The next boat that they transferre­d to was around 25 metres long, open to the elements and barely seaworthy. There were 105 people on board, including six children. Asma appears ashen as she recounts the journey.

“It was terrifying,” she says. “It was all water. I still have nightmares.

The waters were sucking the boat in, then it jumped up. I was scared. Every time the water splashed on us, I felt like the boat was going to sink.”

“I will never forget that time,” Sajeda adds. “My children will never forget that time. It was an open boat, so the sun, the rain, the waves all came in. We still have scars from the sunburn. The journey took three months in all and we were at sea for 11 days.”

The boat’s passengers had long ago exhausted their rations of food and water when a Singaporea­n ship found them drifting just north of Darwin. The ship transferre­d supplies and called the Australian authoritie­s.

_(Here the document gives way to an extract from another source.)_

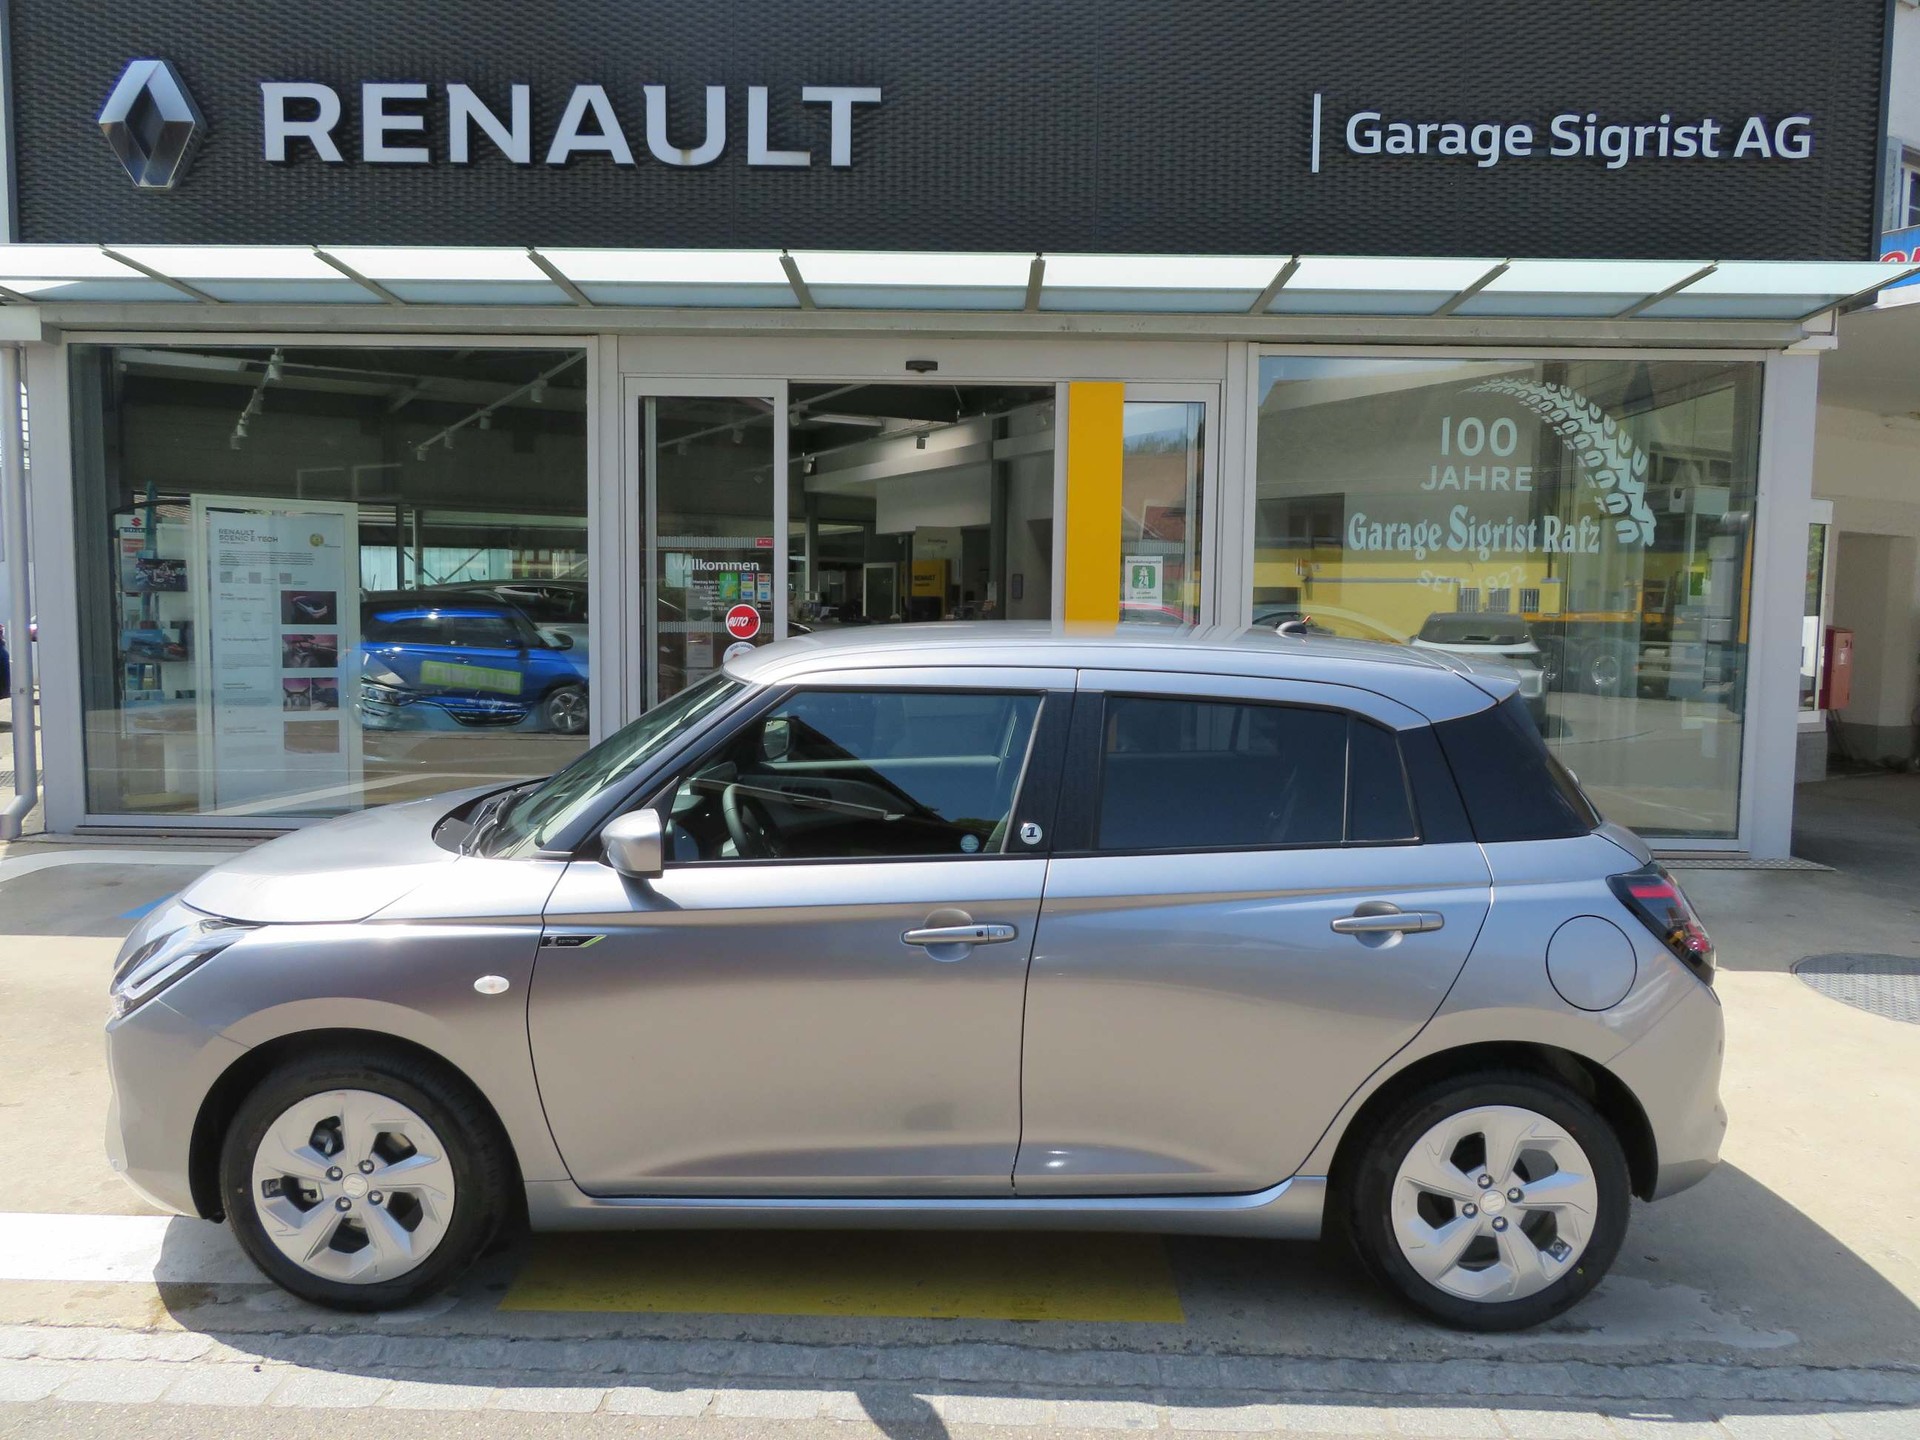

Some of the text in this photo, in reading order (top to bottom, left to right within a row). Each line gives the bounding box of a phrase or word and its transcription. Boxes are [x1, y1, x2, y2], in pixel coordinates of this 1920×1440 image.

The asylum seekers waited six more hours before Australian rescue vessels arrived. Then they were transferre­d, three or four at a time, in small boats to a larger vessel. The last two left on board were Asma and her brother, Mohammed.

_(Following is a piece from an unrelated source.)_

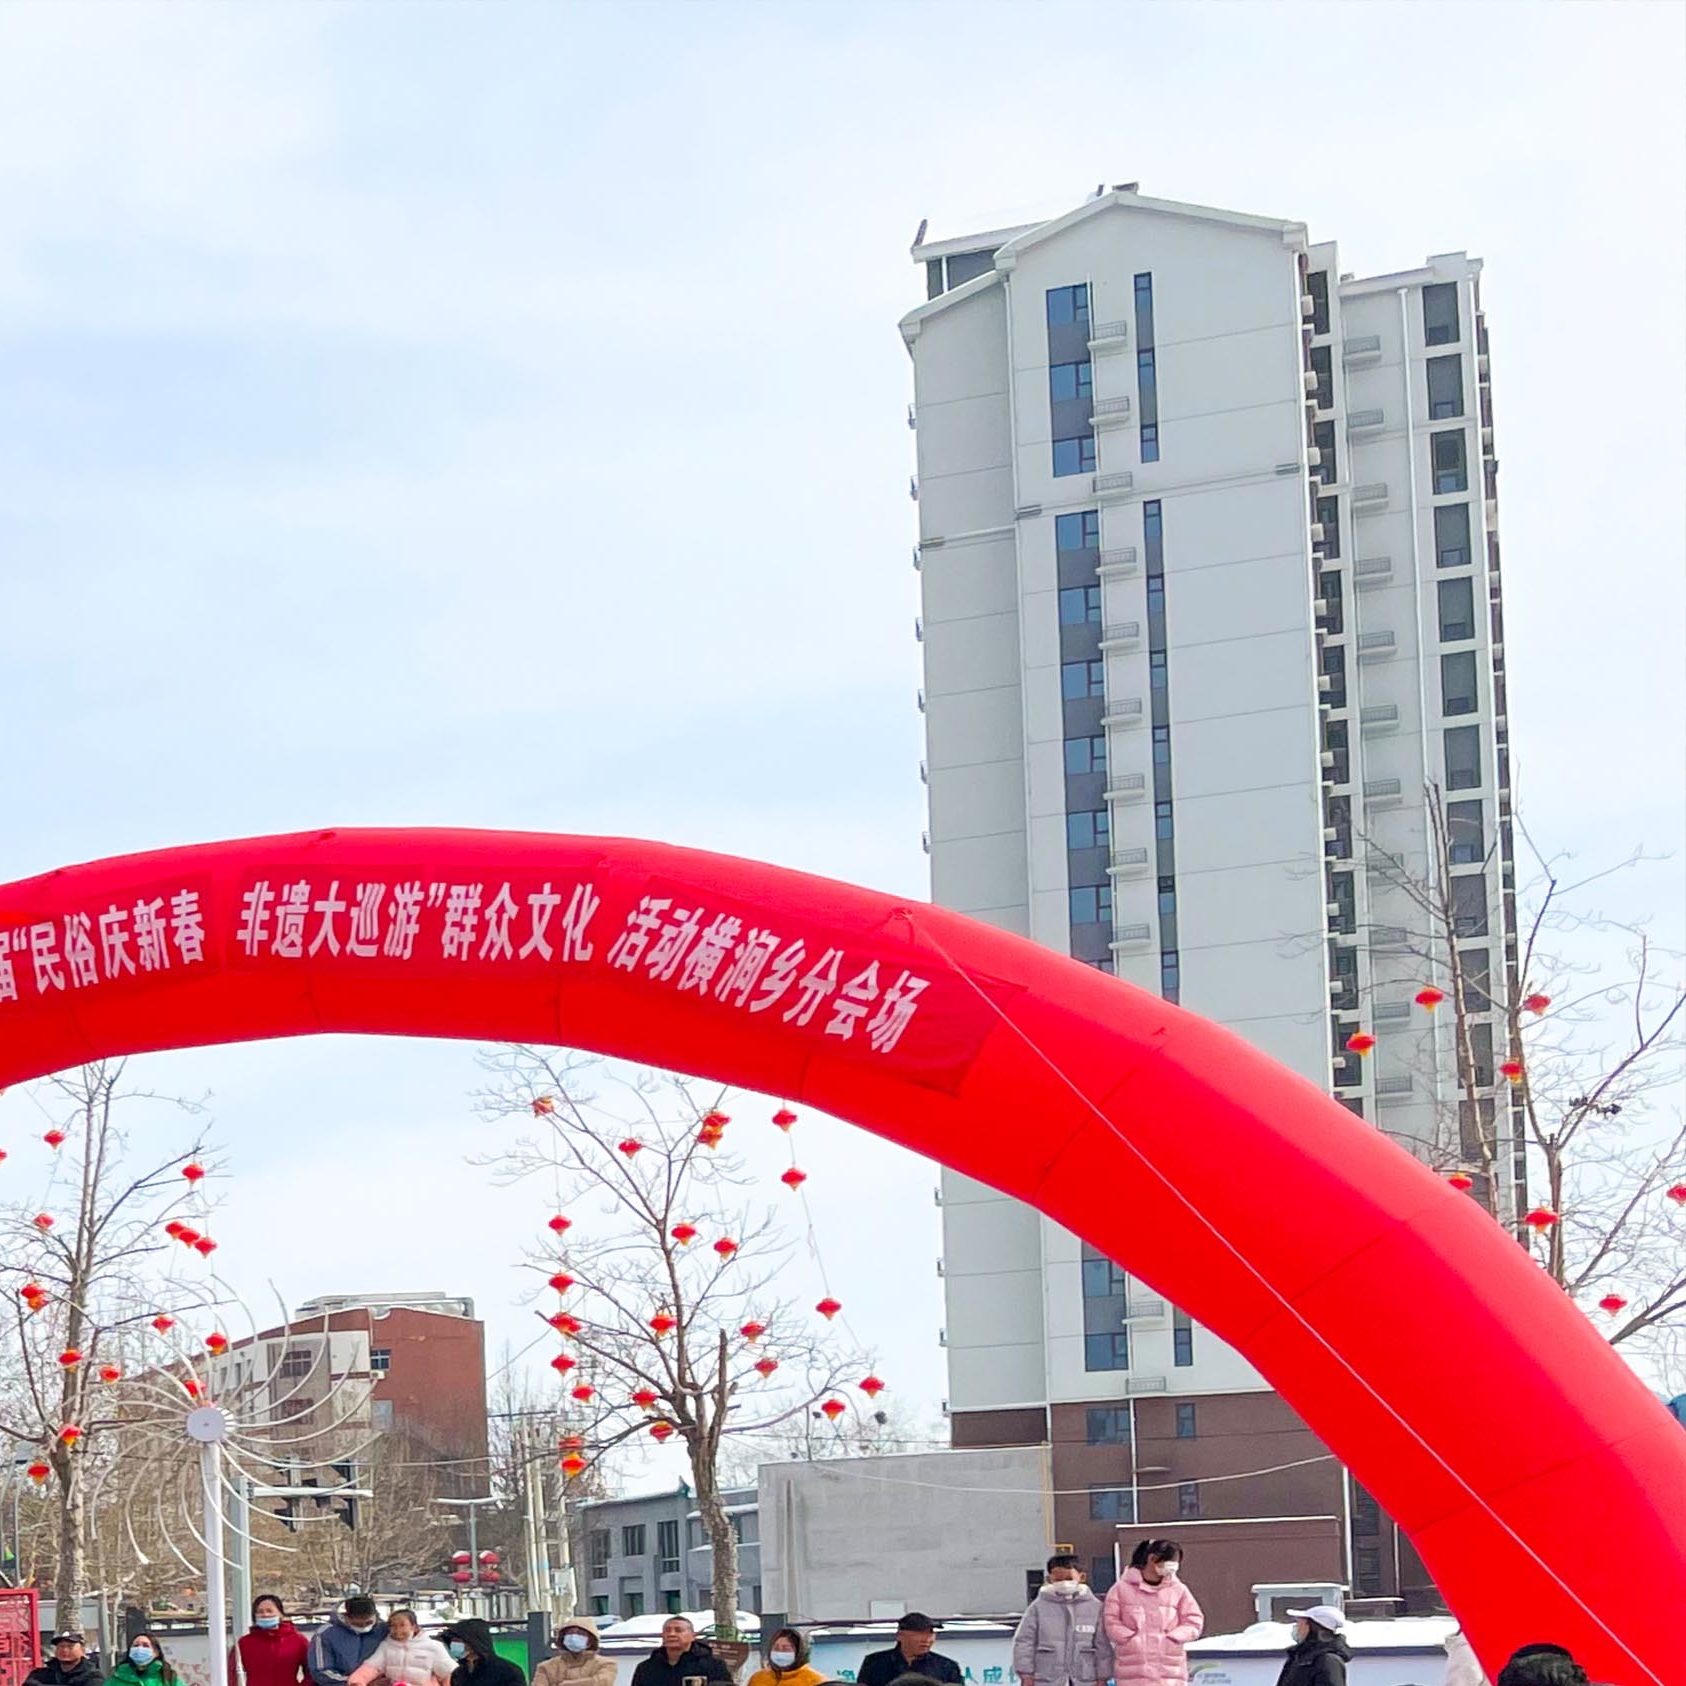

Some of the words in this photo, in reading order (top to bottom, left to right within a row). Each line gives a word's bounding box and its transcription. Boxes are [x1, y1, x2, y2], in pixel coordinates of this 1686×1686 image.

“There were sharks circling and the boat was collapsing around us,” Asma remembers, eyes wide. “We were afraid that they weren’t going to come back for us but I wasn’t crying because I was the oldest. I had to hold my younger brother, who was crying a lot, and I was just saying, ‘they’re going to come back, they’re going to come back’. Then the boat’s mast came crashing down and I started crying as well. Perhaps half an hour later, the Australian­s returned, we joined our family and were transferre­d to detention in Darwin.”

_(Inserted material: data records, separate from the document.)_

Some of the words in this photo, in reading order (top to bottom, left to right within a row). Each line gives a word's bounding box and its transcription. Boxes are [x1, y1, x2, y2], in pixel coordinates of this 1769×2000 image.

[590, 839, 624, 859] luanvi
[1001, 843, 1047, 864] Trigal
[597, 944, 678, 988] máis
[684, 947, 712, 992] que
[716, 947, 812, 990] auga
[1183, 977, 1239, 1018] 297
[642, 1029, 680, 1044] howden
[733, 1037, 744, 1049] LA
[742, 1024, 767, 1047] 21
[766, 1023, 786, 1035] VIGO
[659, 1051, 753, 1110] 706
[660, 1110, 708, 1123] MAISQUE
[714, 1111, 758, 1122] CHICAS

Sajeda and her family still live with physical and emotional damage sustained on their journey and with grief for friends and family who they know have died in the conflict or vanished in Myanmar.

“I am only 15,” says Asma. “What’s happening in Burma is something I should not be seeing ... On the news, I see my people being tortured, abused and women being raped; children being slaughtere­d and burned alive in front of their families. This is happening to people I know and love. My cousin, her husband and child, and their whole village were burned alive. I have lost all my childhood friends. They have been killed. My dad has been crying while he is praying and this breaks my heart.”

Sajeda and Asma have spoken at rallies and written to politician­s. Sajeda volunteers with Rohingya community groups, and not long ago she flew to Bangladesh to search for friends and family in the refugee camps run by the UNHCR and others where almost one million Rohingyans have fled.

In Sydney, meanwhile, Sajeda and Nayim have created a comfortabl­e home with a leafy yard where the laughter and chatter of six children competes with a chorus of cicadas.

With some help from a humanitari­an group, Settlement Services Internatio­nal, Sajeda has opened a small business, Asma

Henna and Make-Up. She is now practising her art at weddings, festivals and markets. Sajeda has also found that she has a passion for learning. She has taken courses in business skills, hairdressi­ng, make-up and English, and in this country, she smiles, “I receive certificat­es to prove it”. She cannot, forget the horror that continues to unfold back in her homeland but for the first time in a long while, at least personally, she can glimpse some hope.

“I see my people being tortured. This is happening to people I know and love.”